Data supplied.
- Opening Delimiter -
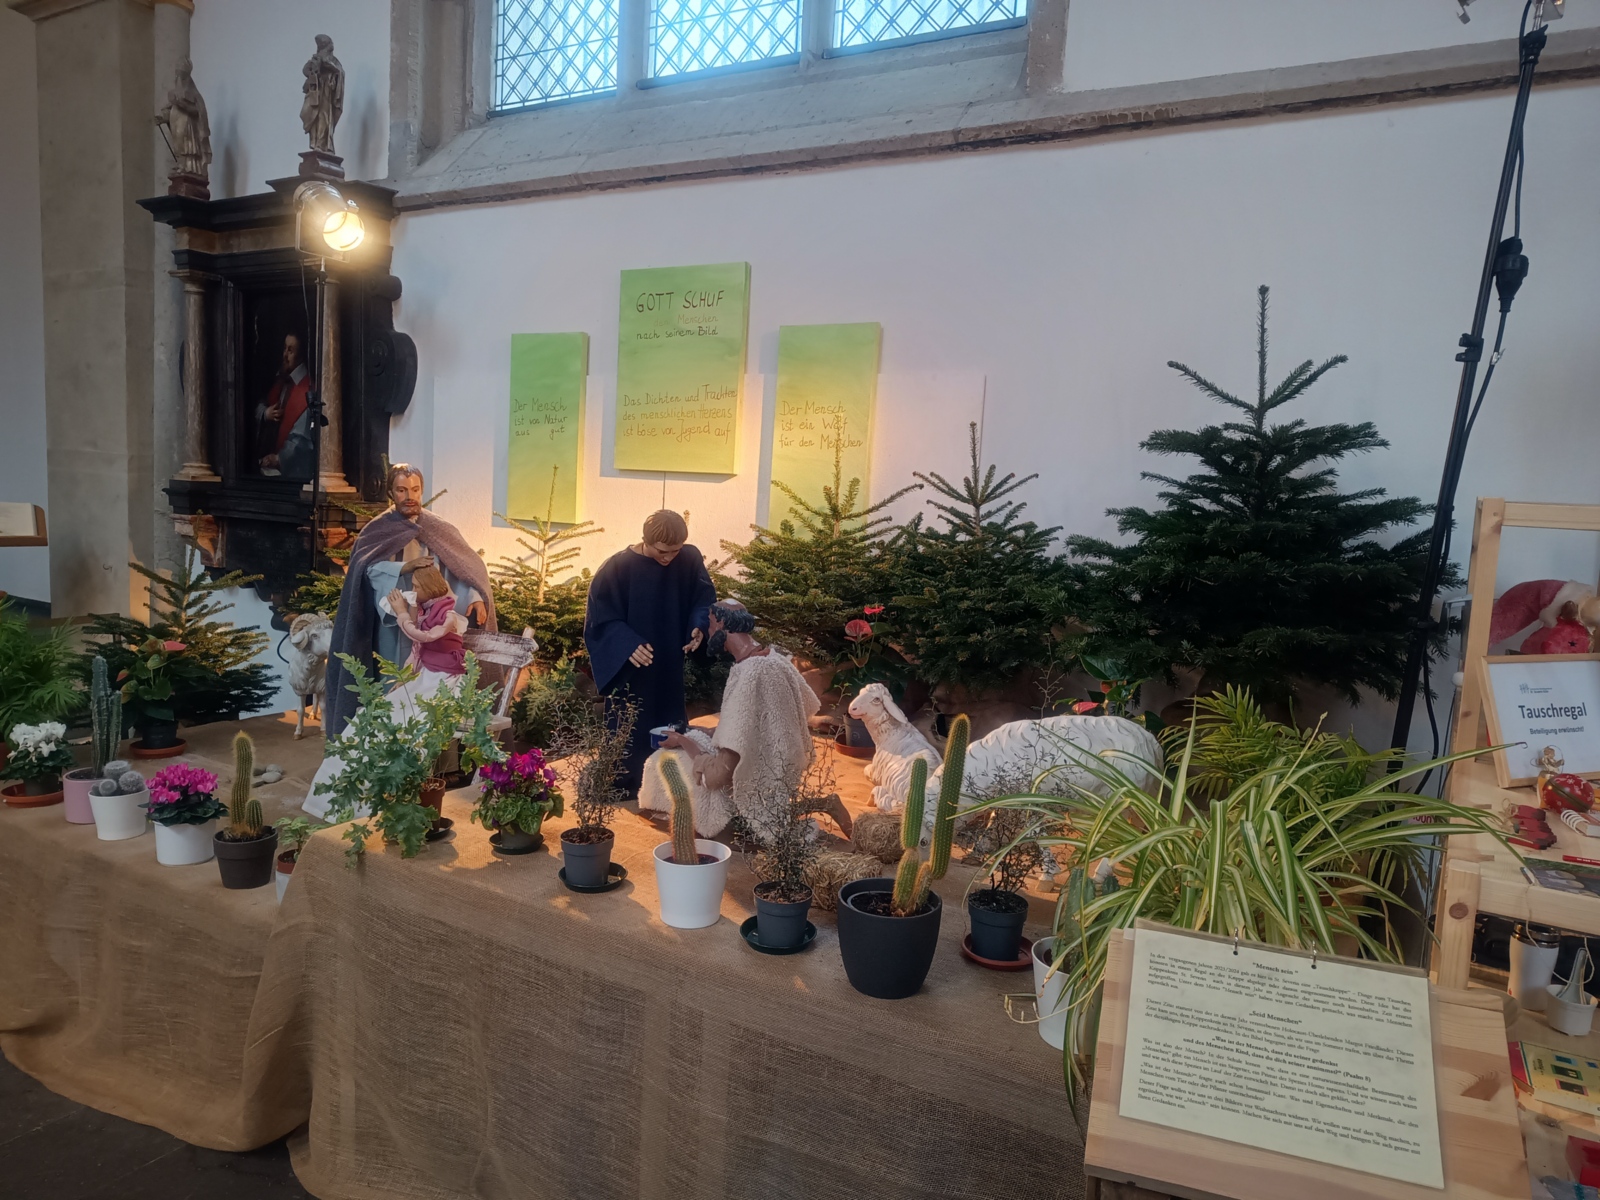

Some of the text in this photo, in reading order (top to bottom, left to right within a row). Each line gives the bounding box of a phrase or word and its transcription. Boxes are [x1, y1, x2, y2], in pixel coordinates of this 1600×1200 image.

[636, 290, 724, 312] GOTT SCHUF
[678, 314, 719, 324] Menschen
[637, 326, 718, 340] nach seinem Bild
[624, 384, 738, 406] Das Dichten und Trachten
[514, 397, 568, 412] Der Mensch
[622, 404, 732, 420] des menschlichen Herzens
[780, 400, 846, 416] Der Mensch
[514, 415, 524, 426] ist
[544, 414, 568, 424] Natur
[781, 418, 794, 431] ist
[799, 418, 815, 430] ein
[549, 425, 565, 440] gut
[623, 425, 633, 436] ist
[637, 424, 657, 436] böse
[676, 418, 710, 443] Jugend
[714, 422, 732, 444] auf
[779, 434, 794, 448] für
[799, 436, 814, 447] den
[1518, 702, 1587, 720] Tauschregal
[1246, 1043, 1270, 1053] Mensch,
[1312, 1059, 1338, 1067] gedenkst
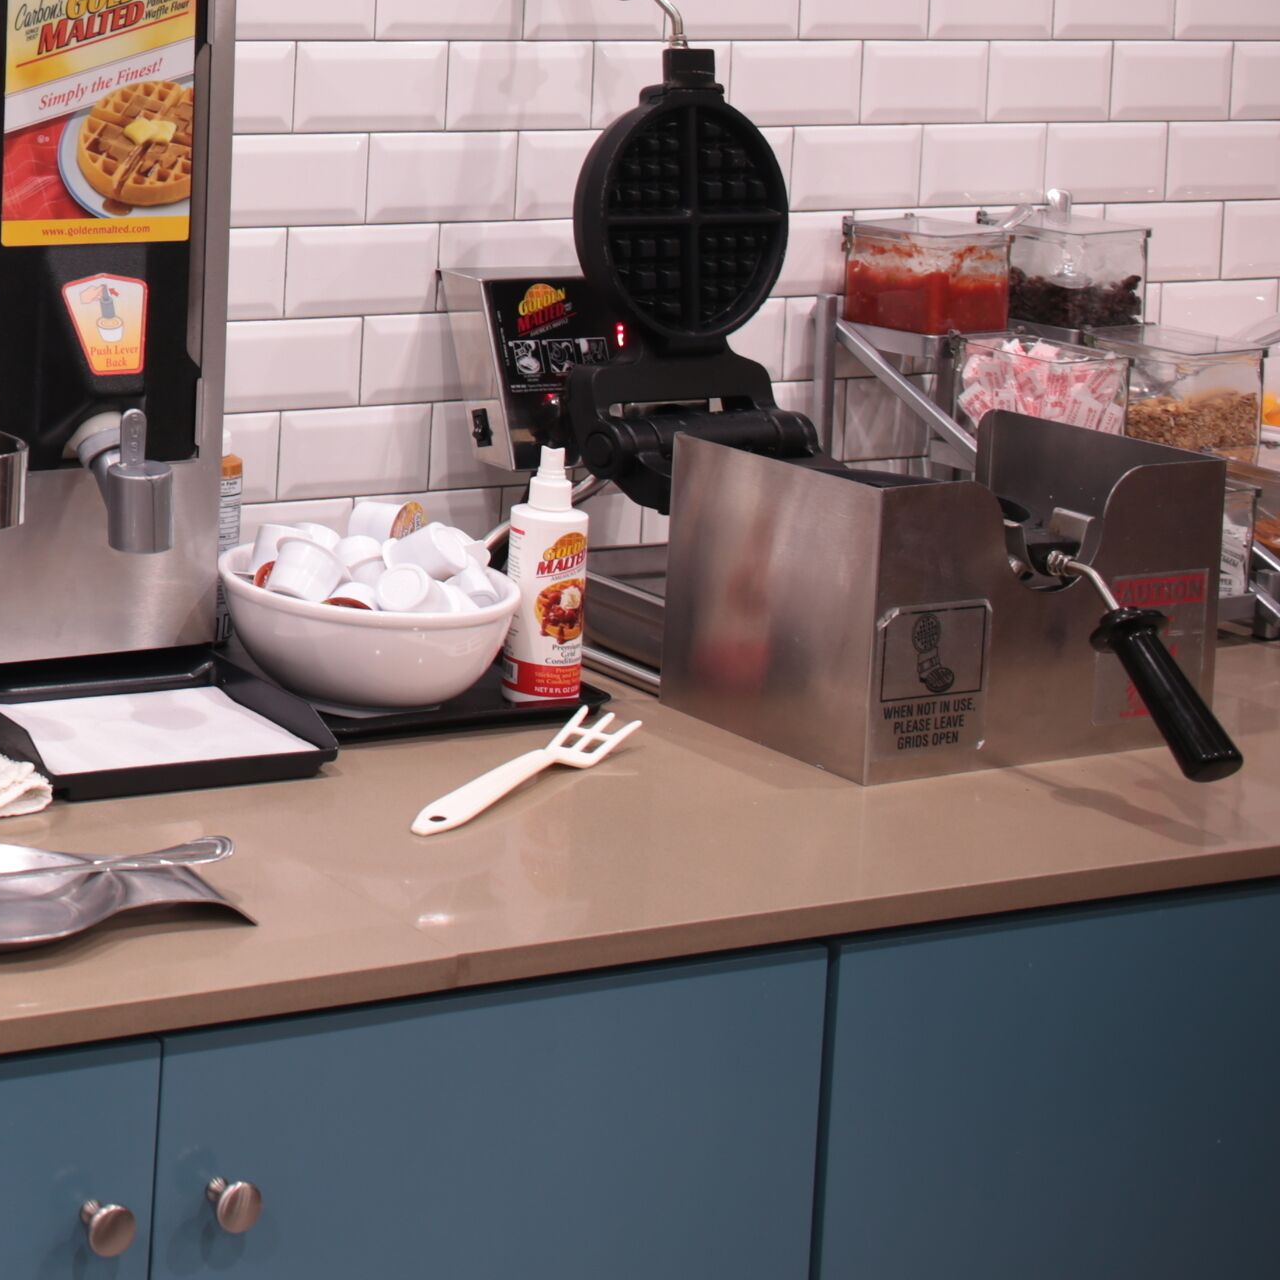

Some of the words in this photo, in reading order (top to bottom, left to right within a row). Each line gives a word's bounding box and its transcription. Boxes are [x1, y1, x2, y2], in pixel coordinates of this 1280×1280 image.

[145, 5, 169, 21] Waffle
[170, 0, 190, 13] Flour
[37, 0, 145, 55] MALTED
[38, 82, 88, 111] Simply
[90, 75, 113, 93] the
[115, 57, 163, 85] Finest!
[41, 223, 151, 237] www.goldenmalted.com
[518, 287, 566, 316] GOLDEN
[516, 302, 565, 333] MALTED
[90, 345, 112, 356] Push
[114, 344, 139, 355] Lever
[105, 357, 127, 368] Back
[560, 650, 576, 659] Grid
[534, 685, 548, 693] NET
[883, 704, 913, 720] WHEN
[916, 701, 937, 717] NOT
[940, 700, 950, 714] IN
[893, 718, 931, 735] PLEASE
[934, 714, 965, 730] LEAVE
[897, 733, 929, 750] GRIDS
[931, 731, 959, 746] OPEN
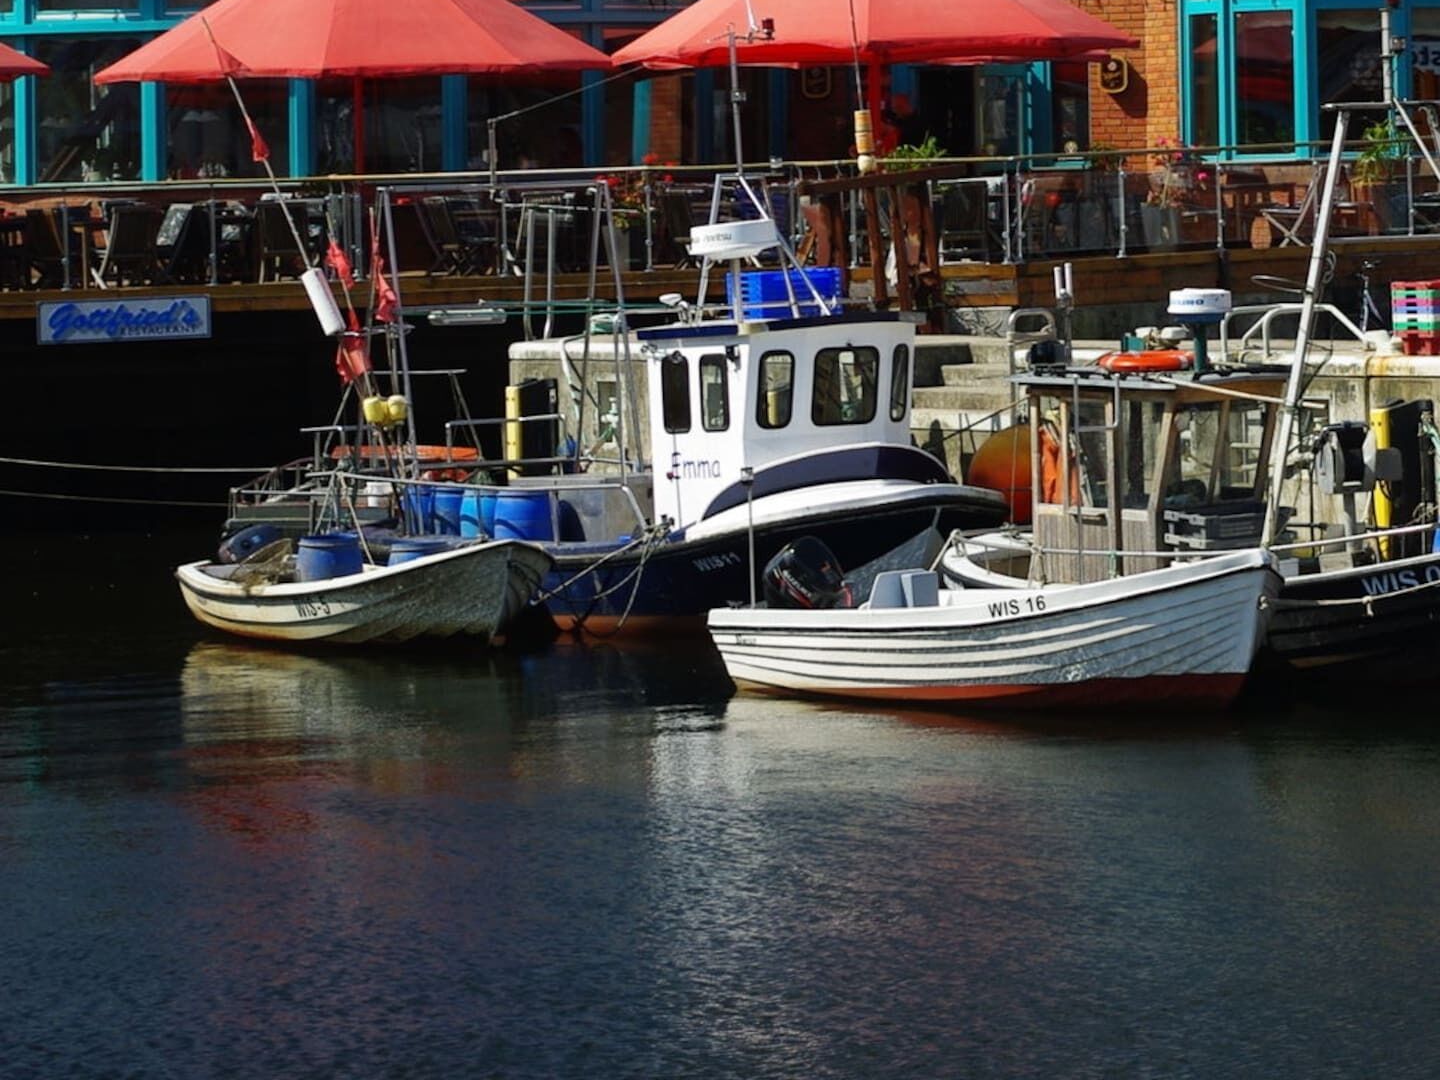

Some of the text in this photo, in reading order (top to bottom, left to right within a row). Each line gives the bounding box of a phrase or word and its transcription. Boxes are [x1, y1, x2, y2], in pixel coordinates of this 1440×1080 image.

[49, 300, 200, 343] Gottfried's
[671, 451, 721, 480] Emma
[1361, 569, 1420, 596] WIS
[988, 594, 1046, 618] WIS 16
- Closing Delimiter -
What to do. Restate the records above in full, word for word. Keep pictures out.

Exercise response.
Some of the text in this photo, in reading order (top to bottom, left to right within a row). Each line gives the bounding box of a phrase or word and its transcription. Boxes are [x1, y1, x2, y2], in pixel coordinates of this 1600×1200 image.

[636, 290, 724, 312] GOTT SCHUF
[678, 314, 719, 324] Menschen
[637, 326, 718, 340] nach seinem Bild
[624, 384, 738, 406] Das Dichten und Trachten
[514, 397, 568, 412] Der Mensch
[622, 404, 732, 420] des menschlichen Herzens
[780, 400, 846, 416] Der Mensch
[514, 415, 524, 426] ist
[544, 414, 568, 424] Natur
[781, 418, 794, 431] ist
[799, 418, 815, 430] ein
[549, 425, 565, 440] gut
[623, 425, 633, 436] ist
[637, 424, 657, 436] böse
[676, 418, 710, 443] Jugend
[714, 422, 732, 444] auf
[779, 434, 794, 448] für
[799, 436, 814, 447] den
[1518, 702, 1587, 720] Tauschregal
[1246, 1043, 1270, 1053] Mensch,
[1312, 1059, 1338, 1067] gedenkst

Some of the words in this photo, in reading order (top to bottom, left to right within a row). Each line gives a word's bounding box and its transcription. Boxes are [x1, y1, x2, y2], in pixel coordinates of this 1280×1280 image.

[145, 5, 169, 21] Waffle
[170, 0, 190, 13] Flour
[37, 0, 145, 55] MALTED
[38, 82, 88, 111] Simply
[90, 75, 113, 93] the
[115, 57, 163, 85] Finest!
[41, 223, 151, 237] www.goldenmalted.com
[518, 287, 566, 316] GOLDEN
[516, 302, 565, 333] MALTED
[90, 345, 112, 356] Push
[114, 344, 139, 355] Lever
[105, 357, 127, 368] Back
[560, 650, 576, 659] Grid
[534, 685, 548, 693] NET
[883, 704, 913, 720] WHEN
[916, 701, 937, 717] NOT
[940, 700, 950, 714] IN
[893, 718, 931, 735] PLEASE
[934, 714, 965, 730] LEAVE
[897, 733, 929, 750] GRIDS
[931, 731, 959, 746] OPEN

Some of the text in this photo, in reading order (top to bottom, left to right within a row). Each line gives the bounding box of a phrase or word and its transcription. Boxes are [x1, y1, x2, y2], in pixel coordinates of this 1440×1080 image.

[49, 300, 200, 343] Gottfried's
[671, 451, 721, 480] Emma
[1361, 569, 1420, 596] WIS
[988, 594, 1046, 618] WIS 16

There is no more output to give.